Asking tough questions of interviewees, such as how much student debt they’ve accrued, was a challenge for Frantz “because it’s really none of my business,” he says. However, he understands why those questions need to be asked and sees the value in the information.
“If you have an angle you’re trying to pursue, absolutely you have to get that,” he says.
Getting the students real-world experience and connecting them with local press professionals was the impetus behind the project, Gatts says.
For The Business Journal, the goal is to learn what YSU students are thinking about their job prospects.
Gatts, a former reporter for The Business Journal and producer at WKBN-TV, says she’s long found value in having students work with community partners. While working at the newspaper, she would keep up with students who were writing for The Jambar.
“We would find somebody who seemed like a good writer and offer them a chance to write a story,” Gatts says. “Andrea would always be very proactive in trying to be involved in fostering the next generation of journalists,” she says of the newspaper’s publisher, Andrea Wood. That’s instilled in me the need to be proactive.”

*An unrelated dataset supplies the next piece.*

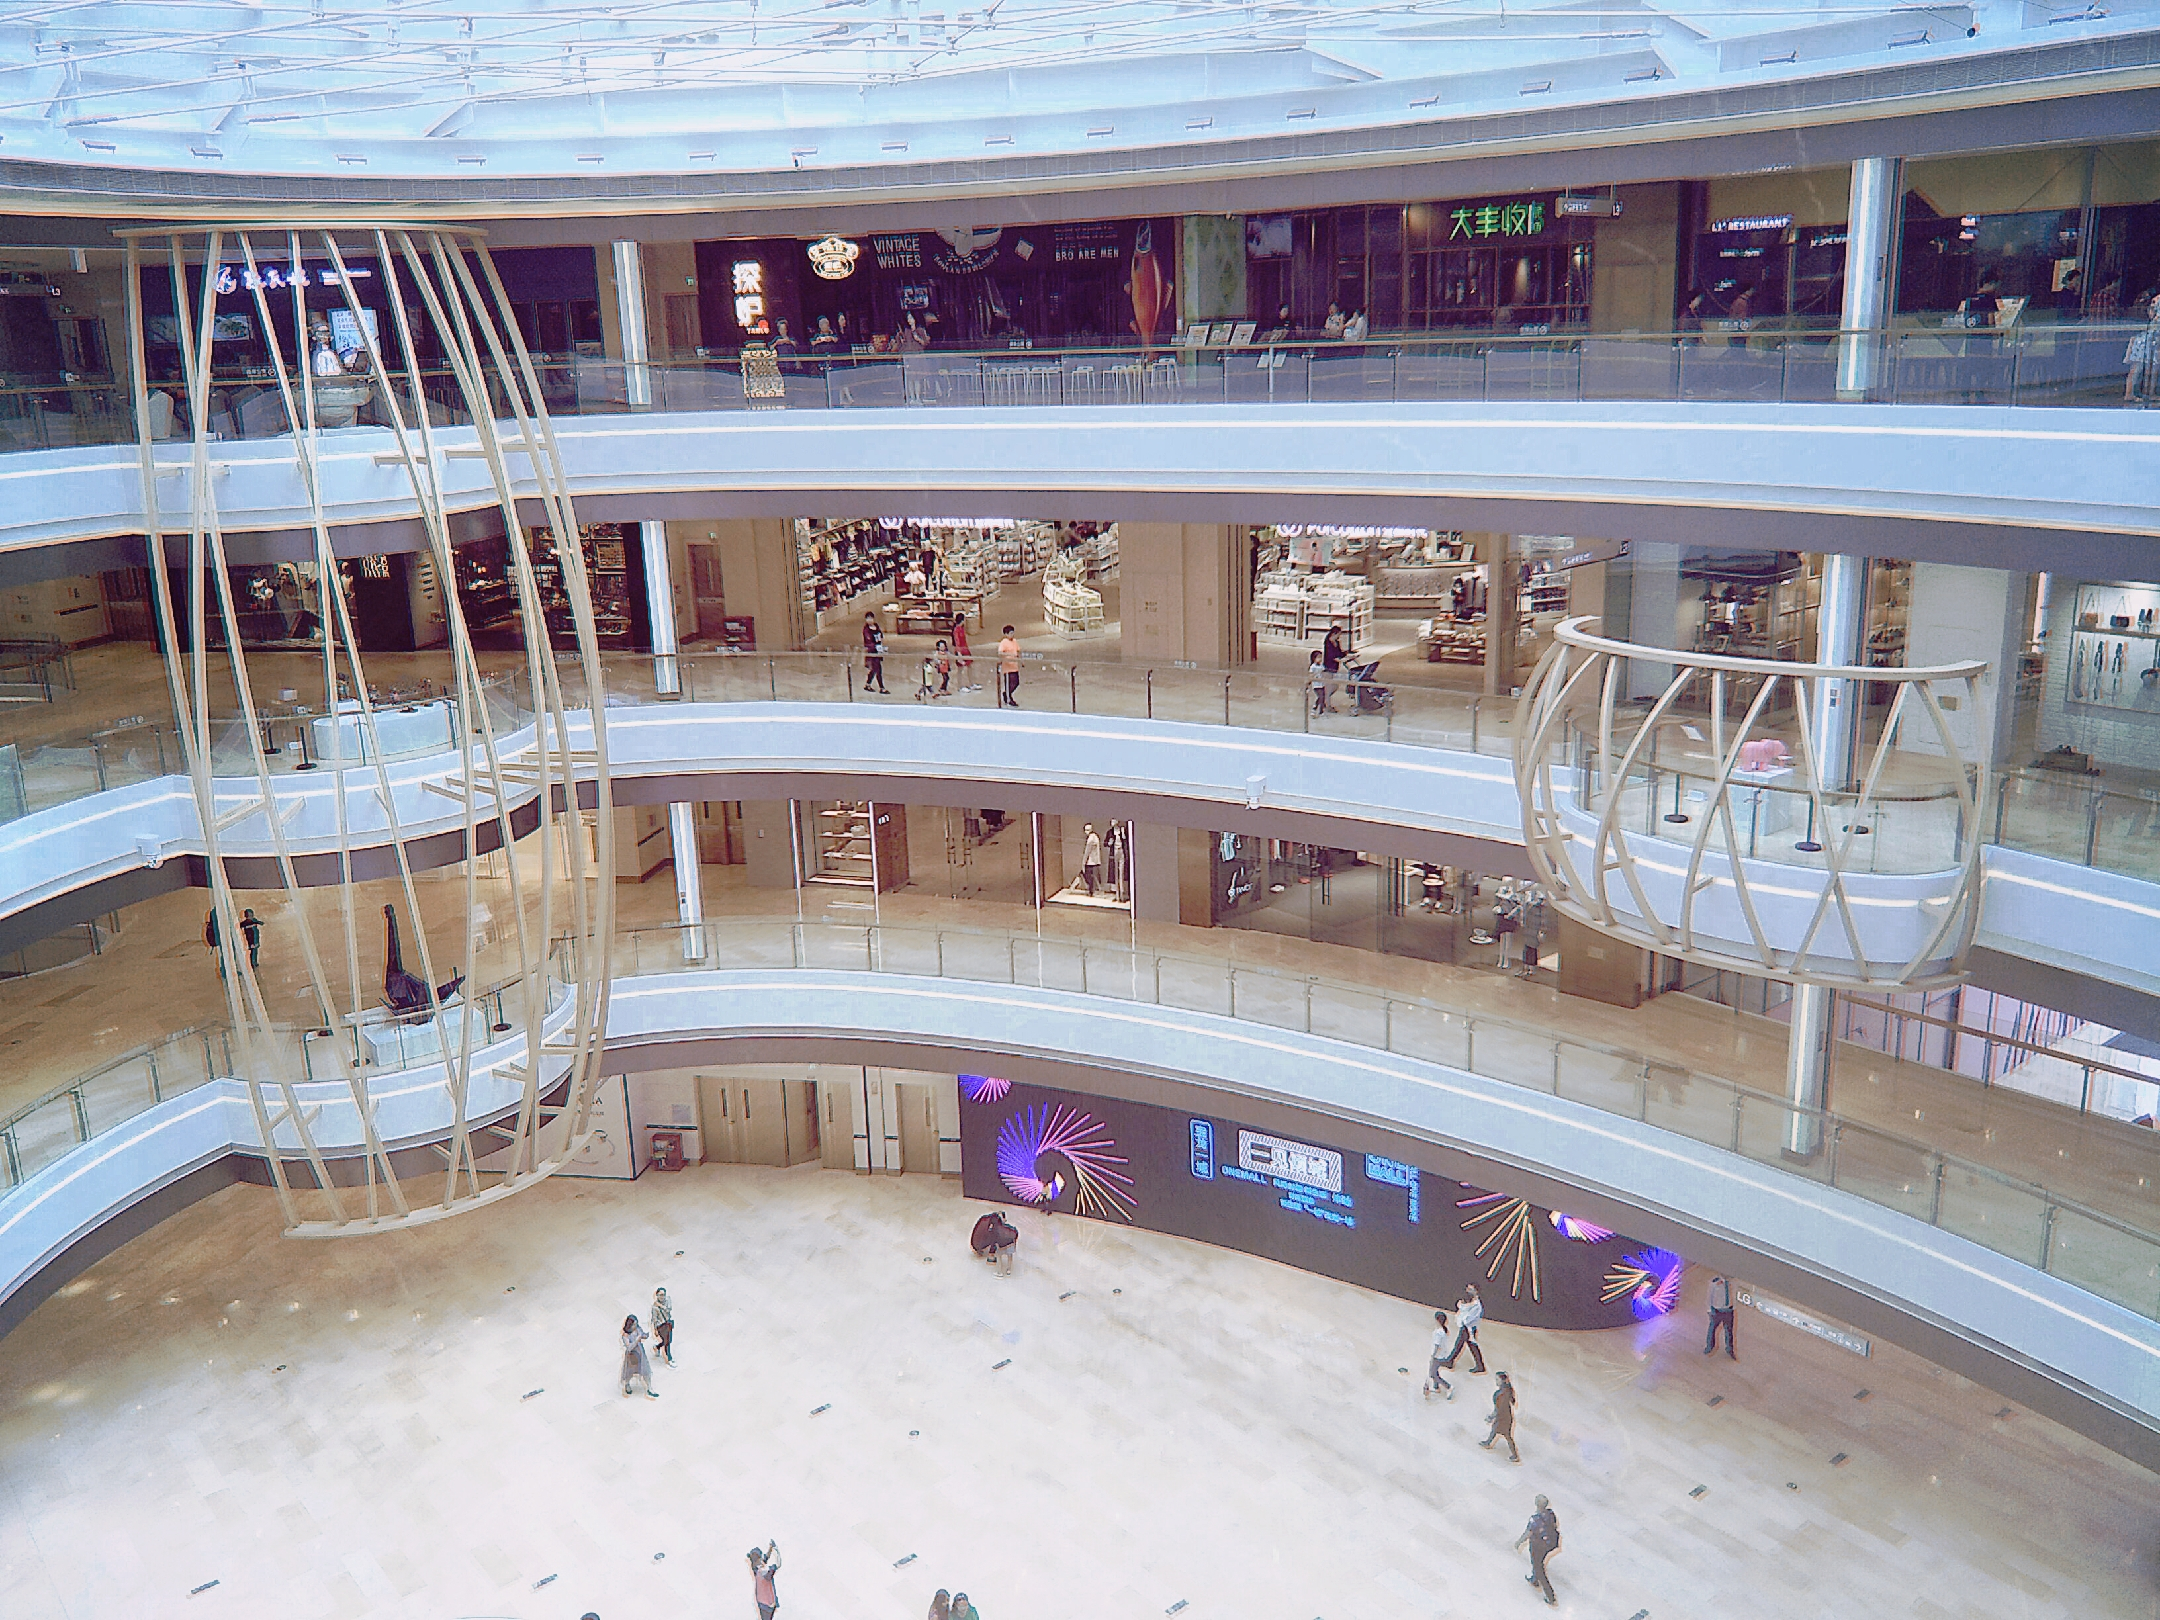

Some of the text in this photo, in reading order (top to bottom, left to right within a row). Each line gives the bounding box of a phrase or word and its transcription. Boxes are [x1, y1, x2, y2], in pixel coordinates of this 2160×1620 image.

Pictured: Meet the YSU Journalism Workshop/Brain Gain team. Front row, students Jillian McIntosh, Betty Coss, Mia Albaugh and Cara Kalouris. Back row: Professor Michele Ristich Gatts, Jambar Managing Editor Sydney Stalnecker, student Aaron Frantz, Business Journal content manager Jeremy Lydic, student Austin Caroline and Jambar Editor-in-Chief Abigail Cloutier. (Not present for the photo were students Kyle Wills and Kayla Duley.)